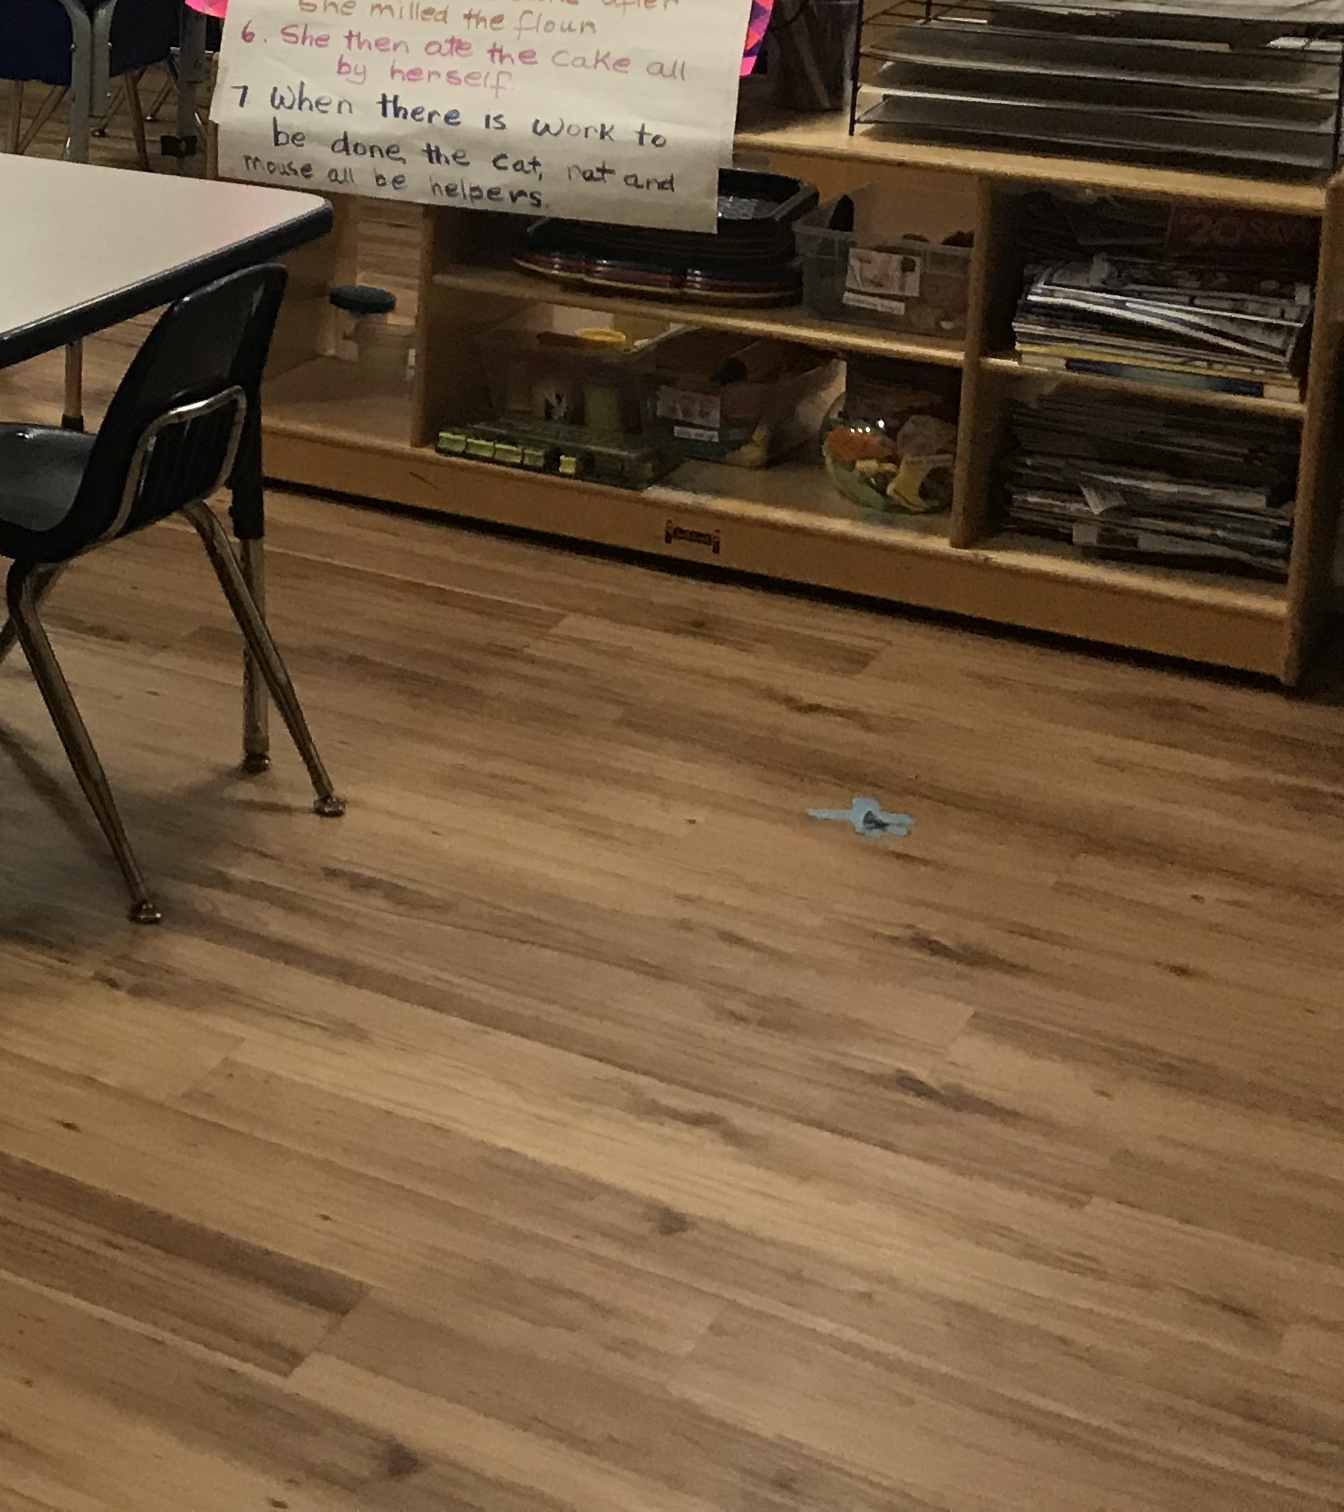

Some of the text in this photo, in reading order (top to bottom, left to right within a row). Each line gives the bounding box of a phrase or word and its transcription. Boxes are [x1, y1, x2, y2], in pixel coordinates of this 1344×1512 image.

[370, 0, 449, 24] milled
[463, 8, 504, 30] the
[280, 23, 331, 49] She
[344, 29, 409, 53] then
[424, 35, 473, 57] ate
[487, 41, 538, 65] the
[646, 59, 685, 81] all
[336, 54, 367, 85] by
[270, 80, 353, 115] When
[376, 92, 461, 126] there
[484, 112, 507, 131] is
[635, 122, 667, 148] to
[243, 154, 314, 178] mouse
[327, 167, 355, 185] all
[374, 168, 406, 190] be
[272, 116, 306, 147] be
[422, 142, 471, 167] the
[623, 172, 675, 192] and
- - - -
### To do
Your answer must be the entries repeated exactly, with no pictures.

### Reply to the exercise
Some of the text in this photo, in reading order (top to bottom, left to right within a row). Each line gives the bounding box of a phrase or word and its transcription. Boxes are [x1, y1, x2, y2], in pixel coordinates of this 1344×1512 image.

[370, 0, 449, 24] milled
[463, 8, 504, 30] the
[280, 23, 331, 49] She
[344, 29, 409, 53] then
[424, 35, 473, 57] ate
[487, 41, 538, 65] the
[646, 59, 685, 81] all
[336, 54, 367, 85] by
[270, 80, 353, 115] When
[376, 92, 461, 126] there
[484, 112, 507, 131] is
[635, 122, 667, 148] to
[243, 154, 314, 178] mouse
[327, 167, 355, 185] all
[374, 168, 406, 190] be
[272, 116, 306, 147] be
[422, 142, 471, 167] the
[623, 172, 675, 192] and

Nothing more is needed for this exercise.